Health insurance exchanges are established, and subsidies for insurance premiums are given to individuals who buy a plan from an exchange and have a household modified adjusted gross income between 100% and 400% of the federal poverty line. Section 1401(36B) of PPACA explains that each subsidy will be provided as an advanceable, refundable tax credit and gives a formula for its calculation. A refundable tax credit is a way to provide government benefits to individuals who may have no tax liability (such as the earned income tax credit). The formula was changed in the amendments (HR 4872) passed March 23, 2010, in section 1001. To qualify for the subsidy, the beneficiaries cannot be eligible for other acceptable coverage. The U.S. Department of Health and Human Services (HHS) and Internal Revenue Service (IRS) on May 23, 2012, issued joint final rules regarding implementation of the new state-based health insurance exchanges to cover how the exchanges will determine eligibility for uninsured individuals and employees of small businesses seeking to buy insurance on the exchanges, as well as how the exchanges will handle eligibility determinations for low-income individuals applying for newly expanded Medicaid benefits. Premium caps have been delayed for a year on group plans, to give employers time to arrange new accounting systems, but the caps are still planned to take effect on schedule for insurance plans on the exchanges; the HHS and the Congressional Research Service calculated what the income-based premium caps for a "silver" healthcare plan for a family of four would be in 2014:
Two federally regulated "multi-state plans" (MSP)—one of which must be offered by a non-profit insurer, and the other cannot cover abortion services—become available in a majority of state health insurance exchanges. The MSPs must abide by the same federal regulations required of an individual state's qualified health plans on the exchanges, and must provide identical cover privileges and premiums in all states. MSPs will be phased in nationally, being available in 60% of all states in 2014, 70% in 2015, 85% in 2016, and 100% in 2017.
Section 2708 to the Public Health Service Act becomes effective, which prohibits patient eligibility waiting periods in excess of 90 days for group health plan coverage. The 90-day rule applies to all grandfathered and non-grandfathered group health plans and group health insurance issuers, including multiemployer health plans and single-employer group health plans pursuant to collective bargaining arrangements. Plans will still be allowed to impose eligibility requirements based on factors other than the lapse of time; for example, a health plan can restrict eligibility to employees who work at a particular location or who are in an eligible job classification. The waiting period limitation means that coverage must be effective no later than the 91st day after the employee satisfies the substantive eligibility requirements.

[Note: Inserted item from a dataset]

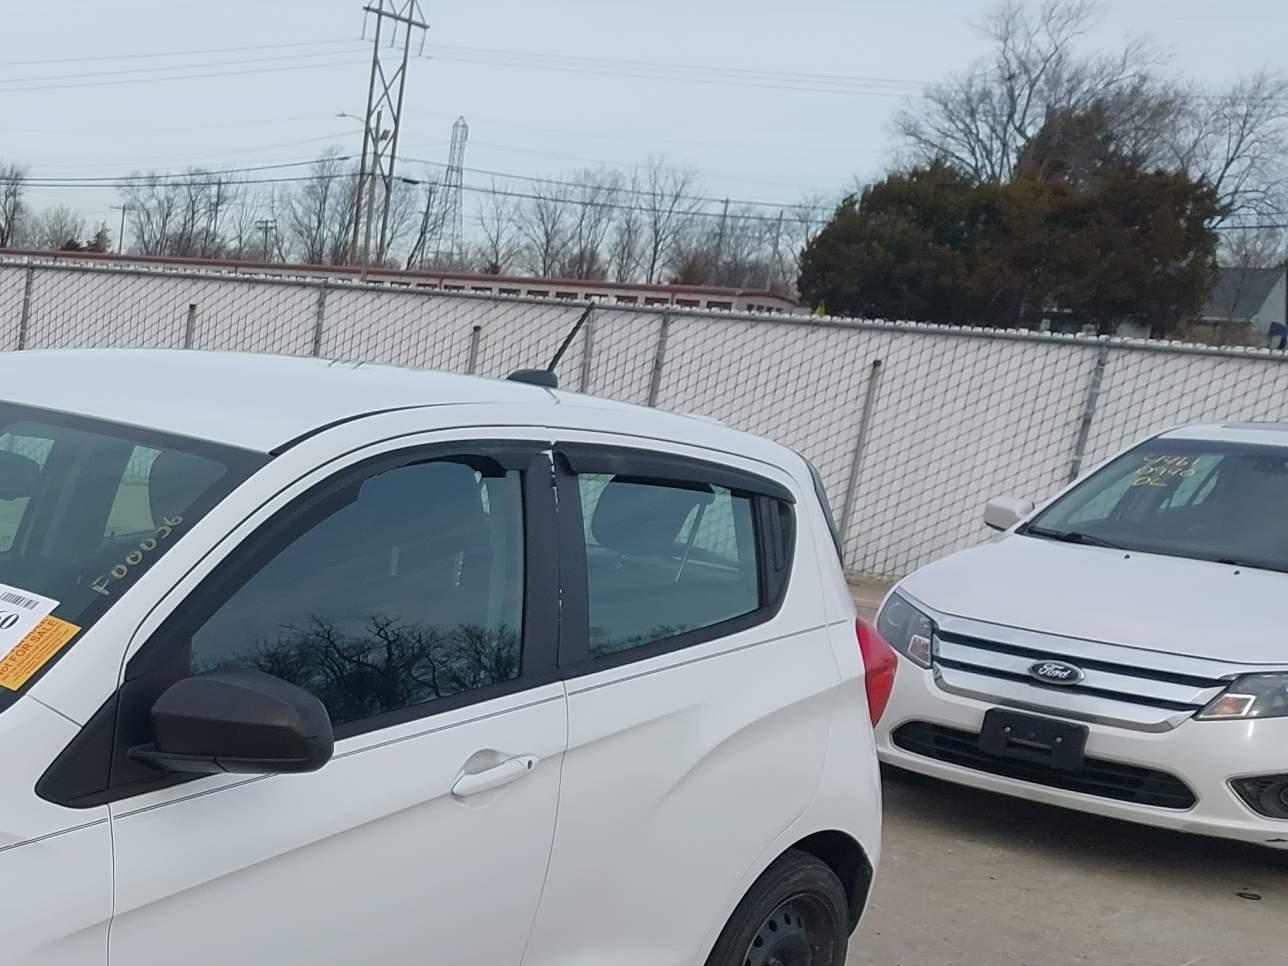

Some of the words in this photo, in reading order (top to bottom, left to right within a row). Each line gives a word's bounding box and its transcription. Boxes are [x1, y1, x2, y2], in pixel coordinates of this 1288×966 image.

[9, 643, 33, 662] FOR
[30, 619, 58, 643] SALE
[1038, 663, 1072, 679] Ford
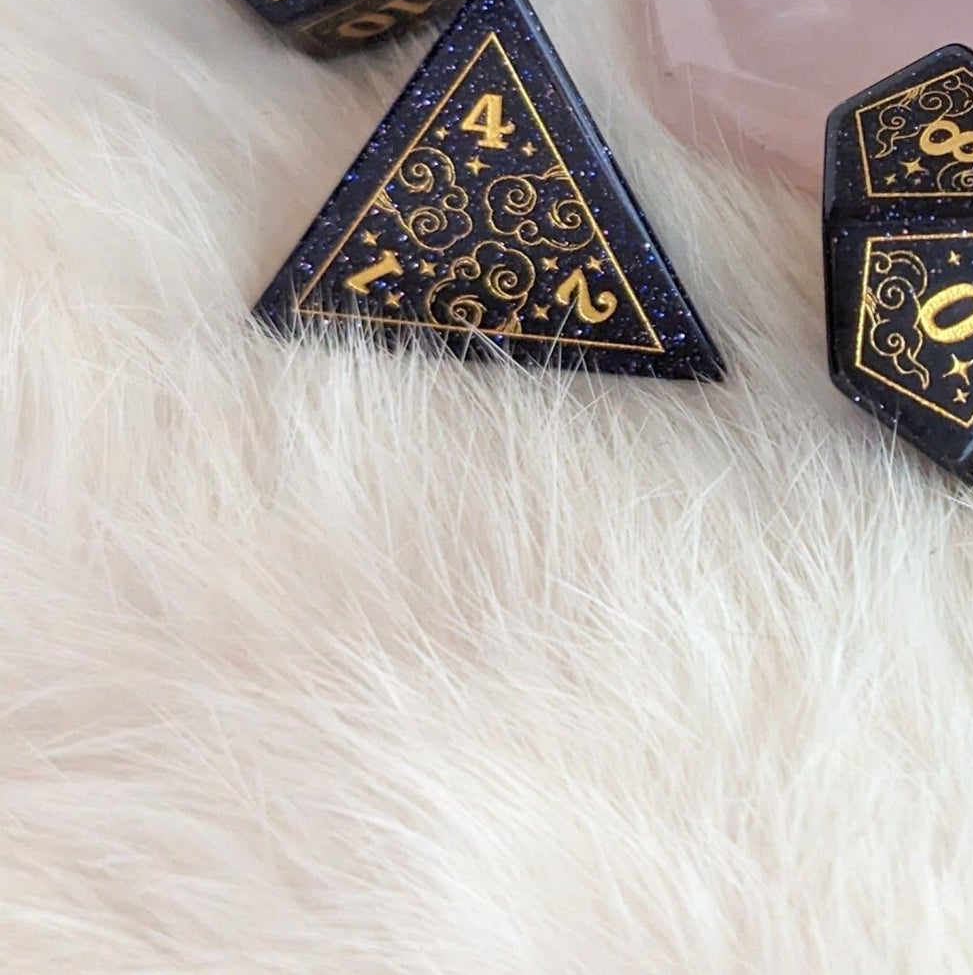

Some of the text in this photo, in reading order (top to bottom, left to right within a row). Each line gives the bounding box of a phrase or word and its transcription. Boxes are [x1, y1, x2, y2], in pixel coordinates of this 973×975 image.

Two years of tax credits will be offered to qualified small businesses. To receive the full benefit of a 50% premium subsidy, the small business must have an average payroll per full-time equivalent ("FTE") employee of no more than $50,000 and have no more than 25 FTEs. For the purposes of the calculation of FTEs, seasonal employees, and owners and their relations, are not considered. The subsidy is reduced by 3.35 percentage points per additional employee and 2 percentage points per additional $1,000 of average compensation. As an example, a 16 FTE firm with a $35,000 average salary would be entitled to a 10% premium subsidy.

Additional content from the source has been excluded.